**WORK REQUIRED**: Please return each of the entries below exactly as they appear.

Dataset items
- Opening Delimiter -
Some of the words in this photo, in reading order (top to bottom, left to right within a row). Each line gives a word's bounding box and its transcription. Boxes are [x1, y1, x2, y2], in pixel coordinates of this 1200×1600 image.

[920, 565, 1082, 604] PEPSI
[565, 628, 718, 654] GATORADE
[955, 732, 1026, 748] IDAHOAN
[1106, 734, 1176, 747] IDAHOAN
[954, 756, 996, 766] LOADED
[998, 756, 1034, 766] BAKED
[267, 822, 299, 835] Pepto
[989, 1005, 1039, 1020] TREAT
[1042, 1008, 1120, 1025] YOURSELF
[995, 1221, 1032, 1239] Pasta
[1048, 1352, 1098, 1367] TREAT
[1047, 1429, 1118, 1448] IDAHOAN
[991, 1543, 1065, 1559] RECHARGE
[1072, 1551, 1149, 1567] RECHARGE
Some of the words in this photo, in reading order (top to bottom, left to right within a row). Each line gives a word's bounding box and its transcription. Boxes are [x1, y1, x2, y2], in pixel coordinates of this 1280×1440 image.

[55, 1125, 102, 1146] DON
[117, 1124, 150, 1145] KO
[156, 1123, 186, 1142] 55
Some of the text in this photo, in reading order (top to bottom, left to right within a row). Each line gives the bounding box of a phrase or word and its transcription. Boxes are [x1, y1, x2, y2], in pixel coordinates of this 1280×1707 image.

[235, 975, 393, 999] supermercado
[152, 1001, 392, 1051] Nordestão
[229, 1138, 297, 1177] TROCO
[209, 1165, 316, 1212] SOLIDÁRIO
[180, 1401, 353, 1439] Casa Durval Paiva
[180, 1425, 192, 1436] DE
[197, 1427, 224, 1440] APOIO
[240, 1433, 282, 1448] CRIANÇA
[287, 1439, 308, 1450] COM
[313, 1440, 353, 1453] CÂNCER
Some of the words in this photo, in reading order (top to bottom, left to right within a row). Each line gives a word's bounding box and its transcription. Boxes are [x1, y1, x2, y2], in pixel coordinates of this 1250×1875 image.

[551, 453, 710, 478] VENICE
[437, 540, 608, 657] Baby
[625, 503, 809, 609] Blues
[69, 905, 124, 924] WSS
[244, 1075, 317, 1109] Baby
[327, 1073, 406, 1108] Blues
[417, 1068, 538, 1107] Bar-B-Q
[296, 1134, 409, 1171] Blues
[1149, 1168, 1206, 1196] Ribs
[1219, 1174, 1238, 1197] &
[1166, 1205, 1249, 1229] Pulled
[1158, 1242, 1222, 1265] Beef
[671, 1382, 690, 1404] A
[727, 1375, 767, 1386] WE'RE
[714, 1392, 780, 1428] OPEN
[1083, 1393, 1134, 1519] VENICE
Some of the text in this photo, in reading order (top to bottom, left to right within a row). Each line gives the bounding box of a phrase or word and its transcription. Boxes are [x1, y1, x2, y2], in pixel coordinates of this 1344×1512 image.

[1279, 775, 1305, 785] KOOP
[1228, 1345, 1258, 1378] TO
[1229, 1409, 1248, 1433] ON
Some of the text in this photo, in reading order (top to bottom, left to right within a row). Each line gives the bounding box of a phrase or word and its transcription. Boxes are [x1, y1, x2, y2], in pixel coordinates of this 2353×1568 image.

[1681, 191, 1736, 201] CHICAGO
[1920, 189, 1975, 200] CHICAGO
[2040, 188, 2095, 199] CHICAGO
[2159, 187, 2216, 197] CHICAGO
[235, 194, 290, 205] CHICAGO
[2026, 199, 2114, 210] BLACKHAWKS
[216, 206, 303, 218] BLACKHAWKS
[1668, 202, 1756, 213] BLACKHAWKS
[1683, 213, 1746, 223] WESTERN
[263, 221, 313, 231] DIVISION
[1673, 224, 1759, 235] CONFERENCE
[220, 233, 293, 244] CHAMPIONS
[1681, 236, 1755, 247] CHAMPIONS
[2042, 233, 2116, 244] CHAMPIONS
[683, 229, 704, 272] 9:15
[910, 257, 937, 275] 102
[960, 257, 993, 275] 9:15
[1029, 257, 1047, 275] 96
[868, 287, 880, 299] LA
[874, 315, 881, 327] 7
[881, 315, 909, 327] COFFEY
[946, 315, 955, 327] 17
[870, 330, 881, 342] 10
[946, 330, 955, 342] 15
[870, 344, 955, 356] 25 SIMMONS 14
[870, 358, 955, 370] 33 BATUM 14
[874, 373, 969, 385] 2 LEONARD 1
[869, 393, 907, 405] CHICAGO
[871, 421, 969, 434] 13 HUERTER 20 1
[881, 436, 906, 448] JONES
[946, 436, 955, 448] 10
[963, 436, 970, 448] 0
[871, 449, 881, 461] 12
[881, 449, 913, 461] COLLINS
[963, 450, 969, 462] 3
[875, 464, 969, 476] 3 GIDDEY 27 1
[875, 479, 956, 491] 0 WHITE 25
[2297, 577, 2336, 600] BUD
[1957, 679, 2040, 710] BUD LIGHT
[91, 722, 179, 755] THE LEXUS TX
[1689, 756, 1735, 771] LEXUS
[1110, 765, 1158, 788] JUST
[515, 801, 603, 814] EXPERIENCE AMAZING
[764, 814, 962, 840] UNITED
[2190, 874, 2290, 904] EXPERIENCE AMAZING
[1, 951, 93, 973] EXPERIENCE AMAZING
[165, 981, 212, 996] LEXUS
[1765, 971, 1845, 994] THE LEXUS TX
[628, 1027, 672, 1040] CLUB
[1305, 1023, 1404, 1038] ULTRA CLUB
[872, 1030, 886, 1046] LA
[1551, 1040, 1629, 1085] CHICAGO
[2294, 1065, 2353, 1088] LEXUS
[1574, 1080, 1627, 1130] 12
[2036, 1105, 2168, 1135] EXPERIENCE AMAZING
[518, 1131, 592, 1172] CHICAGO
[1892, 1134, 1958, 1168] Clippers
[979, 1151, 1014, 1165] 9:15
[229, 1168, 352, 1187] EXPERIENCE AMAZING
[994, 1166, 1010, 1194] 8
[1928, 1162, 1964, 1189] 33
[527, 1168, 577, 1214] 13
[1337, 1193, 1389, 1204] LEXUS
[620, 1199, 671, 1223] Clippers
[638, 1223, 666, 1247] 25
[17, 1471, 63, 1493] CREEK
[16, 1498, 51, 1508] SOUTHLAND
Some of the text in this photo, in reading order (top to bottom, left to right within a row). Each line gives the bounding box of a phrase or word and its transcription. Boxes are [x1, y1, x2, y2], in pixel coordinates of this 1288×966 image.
- Closing Delimiter -
**RESPONSE TO THE EXERCISE**:
Some of the words in this photo, in reading order (top to bottom, left to right within a row). Each line gives a word's bounding box and its transcription. Boxes are [x1, y1, x2, y2], in pixel coordinates of this 1200×1600 image.

[920, 565, 1082, 604] PEPSI
[565, 628, 718, 654] GATORADE
[955, 732, 1026, 748] IDAHOAN
[1106, 734, 1176, 747] IDAHOAN
[954, 756, 996, 766] LOADED
[998, 756, 1034, 766] BAKED
[267, 822, 299, 835] Pepto
[989, 1005, 1039, 1020] TREAT
[1042, 1008, 1120, 1025] YOURSELF
[995, 1221, 1032, 1239] Pasta
[1048, 1352, 1098, 1367] TREAT
[1047, 1429, 1118, 1448] IDAHOAN
[991, 1543, 1065, 1559] RECHARGE
[1072, 1551, 1149, 1567] RECHARGE
Some of the words in this photo, in reading order (top to bottom, left to right within a row). Each line gives a word's bounding box and its transcription. Boxes are [x1, y1, x2, y2], in pixel coordinates of this 1280×1440 image.

[55, 1125, 102, 1146] DON
[117, 1124, 150, 1145] KO
[156, 1123, 186, 1142] 55
Some of the text in this photo, in reading order (top to bottom, left to right within a row). Each line gives the bounding box of a phrase or word and its transcription. Boxes are [x1, y1, x2, y2], in pixel coordinates of this 1280×1707 image.

[235, 975, 393, 999] supermercado
[152, 1001, 392, 1051] Nordestão
[229, 1138, 297, 1177] TROCO
[209, 1165, 316, 1212] SOLIDÁRIO
[180, 1401, 353, 1439] Casa Durval Paiva
[180, 1425, 192, 1436] DE
[197, 1427, 224, 1440] APOIO
[240, 1433, 282, 1448] CRIANÇA
[287, 1439, 308, 1450] COM
[313, 1440, 353, 1453] CÂNCER
Some of the words in this photo, in reading order (top to bottom, left to right within a row). Each line gives a word's bounding box and its transcription. Boxes are [x1, y1, x2, y2], in pixel coordinates of this 1250×1875 image.

[551, 453, 710, 478] VENICE
[437, 540, 608, 657] Baby
[625, 503, 809, 609] Blues
[69, 905, 124, 924] WSS
[244, 1075, 317, 1109] Baby
[327, 1073, 406, 1108] Blues
[417, 1068, 538, 1107] Bar-B-Q
[296, 1134, 409, 1171] Blues
[1149, 1168, 1206, 1196] Ribs
[1219, 1174, 1238, 1197] &
[1166, 1205, 1249, 1229] Pulled
[1158, 1242, 1222, 1265] Beef
[671, 1382, 690, 1404] A
[727, 1375, 767, 1386] WE'RE
[714, 1392, 780, 1428] OPEN
[1083, 1393, 1134, 1519] VENICE
Some of the text in this photo, in reading order (top to bottom, left to right within a row). Each line gives the bounding box of a phrase or word and its transcription. Boxes are [x1, y1, x2, y2], in pixel coordinates of this 1344×1512 image.

[1279, 775, 1305, 785] KOOP
[1228, 1345, 1258, 1378] TO
[1229, 1409, 1248, 1433] ON
Some of the text in this photo, in reading order (top to bottom, left to right within a row). Each line gives the bounding box of a phrase or word and its transcription. Boxes are [x1, y1, x2, y2], in pixel coordinates of this 2353×1568 image.

[1681, 191, 1736, 201] CHICAGO
[1920, 189, 1975, 200] CHICAGO
[2040, 188, 2095, 199] CHICAGO
[2159, 187, 2216, 197] CHICAGO
[235, 194, 290, 205] CHICAGO
[2026, 199, 2114, 210] BLACKHAWKS
[216, 206, 303, 218] BLACKHAWKS
[1668, 202, 1756, 213] BLACKHAWKS
[1683, 213, 1746, 223] WESTERN
[263, 221, 313, 231] DIVISION
[1673, 224, 1759, 235] CONFERENCE
[220, 233, 293, 244] CHAMPIONS
[1681, 236, 1755, 247] CHAMPIONS
[2042, 233, 2116, 244] CHAMPIONS
[683, 229, 704, 272] 9:15
[910, 257, 937, 275] 102
[960, 257, 993, 275] 9:15
[1029, 257, 1047, 275] 96
[868, 287, 880, 299] LA
[874, 315, 881, 327] 7
[881, 315, 909, 327] COFFEY
[946, 315, 955, 327] 17
[870, 330, 881, 342] 10
[946, 330, 955, 342] 15
[870, 344, 955, 356] 25 SIMMONS 14
[870, 358, 955, 370] 33 BATUM 14
[874, 373, 969, 385] 2 LEONARD 1
[869, 393, 907, 405] CHICAGO
[871, 421, 969, 434] 13 HUERTER 20 1
[881, 436, 906, 448] JONES
[946, 436, 955, 448] 10
[963, 436, 970, 448] 0
[871, 449, 881, 461] 12
[881, 449, 913, 461] COLLINS
[963, 450, 969, 462] 3
[875, 464, 969, 476] 3 GIDDEY 27 1
[875, 479, 956, 491] 0 WHITE 25
[2297, 577, 2336, 600] BUD
[1957, 679, 2040, 710] BUD LIGHT
[91, 722, 179, 755] THE LEXUS TX
[1689, 756, 1735, 771] LEXUS
[1110, 765, 1158, 788] JUST
[515, 801, 603, 814] EXPERIENCE AMAZING
[764, 814, 962, 840] UNITED
[2190, 874, 2290, 904] EXPERIENCE AMAZING
[1, 951, 93, 973] EXPERIENCE AMAZING
[165, 981, 212, 996] LEXUS
[1765, 971, 1845, 994] THE LEXUS TX
[628, 1027, 672, 1040] CLUB
[1305, 1023, 1404, 1038] ULTRA CLUB
[872, 1030, 886, 1046] LA
[1551, 1040, 1629, 1085] CHICAGO
[2294, 1065, 2353, 1088] LEXUS
[1574, 1080, 1627, 1130] 12
[2036, 1105, 2168, 1135] EXPERIENCE AMAZING
[518, 1131, 592, 1172] CHICAGO
[1892, 1134, 1958, 1168] Clippers
[979, 1151, 1014, 1165] 9:15
[229, 1168, 352, 1187] EXPERIENCE AMAZING
[994, 1166, 1010, 1194] 8
[1928, 1162, 1964, 1189] 33
[527, 1168, 577, 1214] 13
[1337, 1193, 1389, 1204] LEXUS
[620, 1199, 671, 1223] Clippers
[638, 1223, 666, 1247] 25
[17, 1471, 63, 1493] CREEK
[16, 1498, 51, 1508] SOUTHLAND
Some of the text in this photo, in reading order (top to bottom, left to right within a row). Each line gives the bounding box of a phrase or word and its transcription. Boxes are [x1, y1, x2, y2], in pixel coordinates of this 1288×966 image.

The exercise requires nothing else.